About a month ago I declared that One Battle After Another was the best film of 2025 and it wasn't even close. I now know that assessment to be flawed. Because now I've watched Listers: A Glimpse Into Extreme Birdwatching (free on YouTube).

I must insist you watch it too.

The reasons for this are as follows:

It's one of the two best films of last year. Don't you want to watch one of the two best films of last year?

It is a joyous experience from its first moments. The world is awful right now, we are all emotionally exhausted all of the time; give yourself two hours of joy. You will surely not regret giving yourself two hours of joy.

It's free! On YouTube!

It's so good that even though it's free on YouTube and even though I've already watched it, if they ever get a cinema release I will pay for a ticket to watch it in the cinema. And I'm not talking about a Monday night cheap ticket, I will pay those luxury weekend prices.

It's the most life-affirming thing I've seen in years.

Listers: A Glimpse Into Extreme Birdwatching (free on YouTube) is a documentary by Owen Reiser, a filmmaker and nature photographer, about his brother Quentin Reiser, a guy with potentially a pretty serious weed habit. Quentin, stoned, had decided to dip his toe into birding, by which he meant spending one full calendar year driving around the contiguous United States, sleeping in a van, trying to see as many distinct species of bird as he could.

It's. So. Good.

And it made me feel so good. Genuinely joyful and optimistic. So much of the time right now I feel insane. So much of how we are forced to live right now feels counter to the whole point of being alive.

We make a lot of grim jokes about still having to pay rent in a world that's on fire – and we have to make those grim jokes because how else do you survive this?

We wake up and we contemplate genocides and concentration camps and it's unbearable. And then we go about our lives where we have to grind in five directions at once to get by.

So much of modern life is spent doing things that simply are not a good use of our time. We're all wasting our skills and our interests and our one wild and magical life because our society is built around providing value for shareholders.

There is something incredibly nourishing to the soul in watching people voluntarily spending a year in extreme discomfort so they can go to a particular bit of forest or field or coastline and say, look at that bird.

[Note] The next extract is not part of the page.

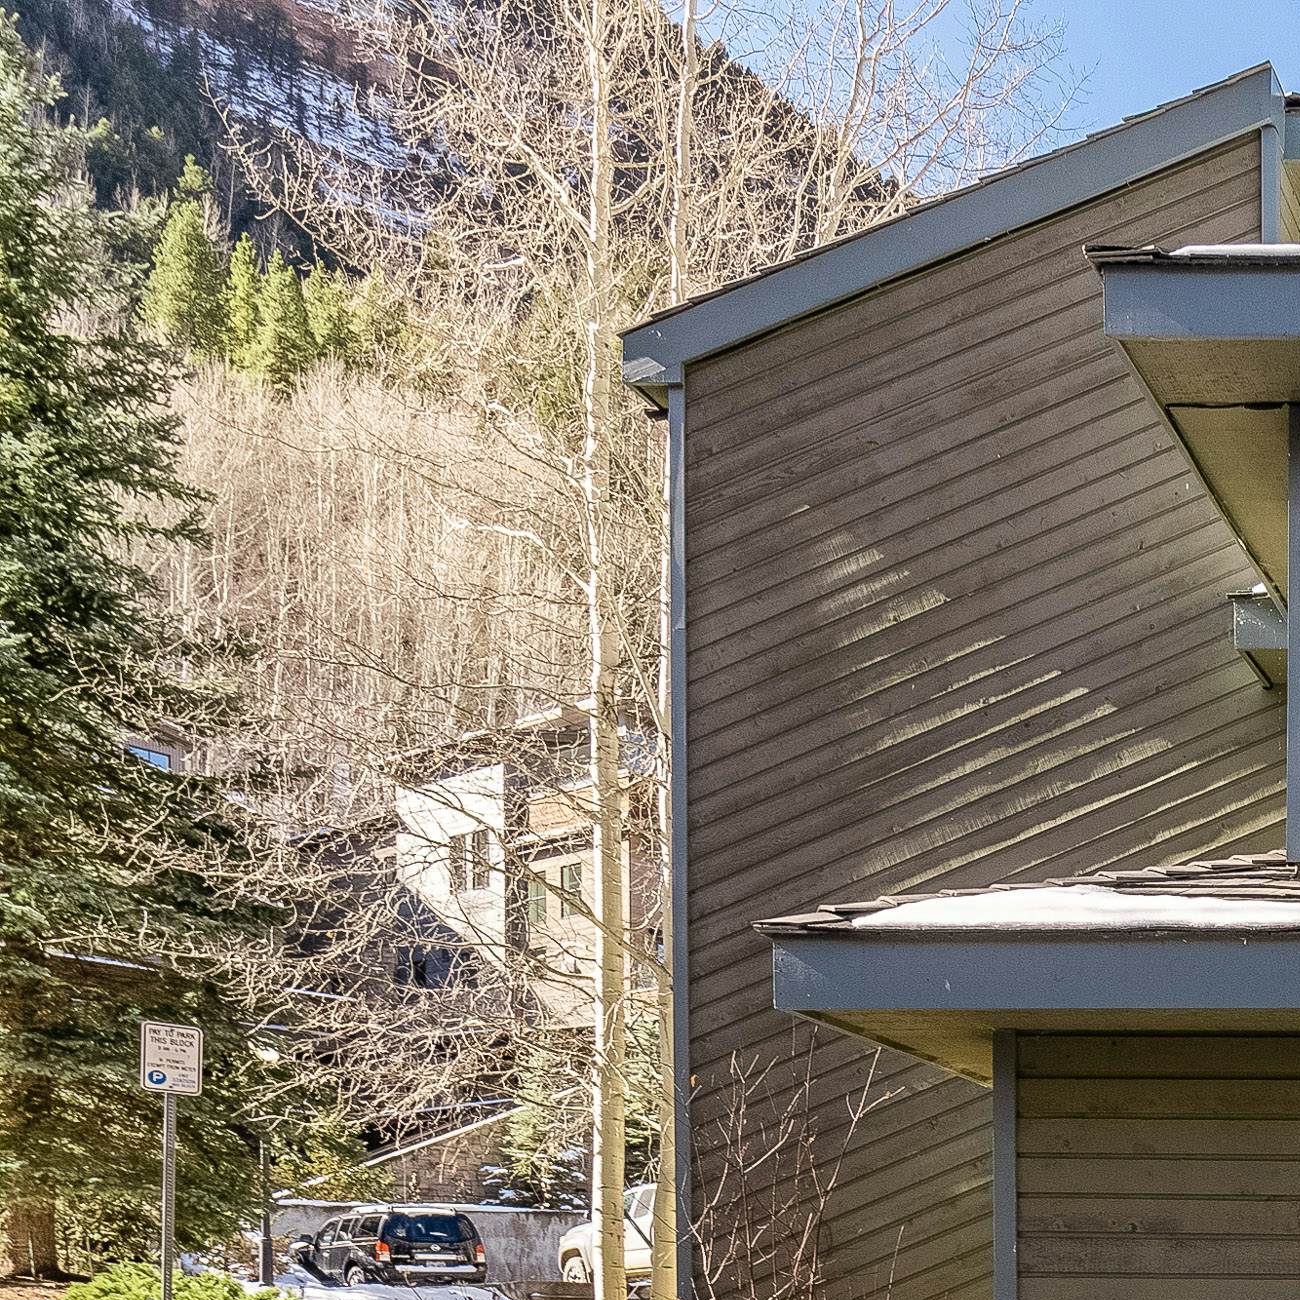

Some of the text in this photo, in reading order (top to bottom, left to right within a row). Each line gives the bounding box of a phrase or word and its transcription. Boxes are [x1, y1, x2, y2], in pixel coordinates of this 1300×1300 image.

This is the point of being alive!

Along the way they talk to a lot of people in the birding community; mostly apparently just people they happened to run into on their journey.

Like an office worker who, as often as he can, heads to a bit of LA underpass because he can't afford much time off to go on long trips and there are loads of good birds right there, by the underpass in LA.

I saw Wings of Desire for the first time this week and (spoilers) there's a scene where Peter Falk is talking about how great it is to drink coffee, to smoke a cigarette, to draw a good line. To be outside in the cold and rub your hands together to warm them up.

It's important at all times, but particularly amid the horrors to sometimes be reminded of how good a thing it is to be alive, to be human in this world. A good way to be reminded of how good a thing it is to be alive is to watch people caring so much about something. About how many cool birds there are, for example.

I think we should all be able to do things like this, from time to time. When I'm in charge everyone will get a year's sabbatical every so often. Like a year off every decade or so to do with what you will, whether that's living out of a van to look at many cool birds, or try your hand at writing a rock opera.

I truly believe this would be profoundly positive for the whole species.

If we all had time to really care about something – something unrelated to productivity or income – I think the human race writ large would experience incredible emotional growth.

Most of us can't do that at this time. Most of us are pretty up against it. So in lieu of taking your own year to potter around this incredible planet and remember how good a thing it is to be alive, I must insist you watch Listers: A Glimpse Into Extreme Birdwatching (free on YouTube) and take joy in someone else doing it instead.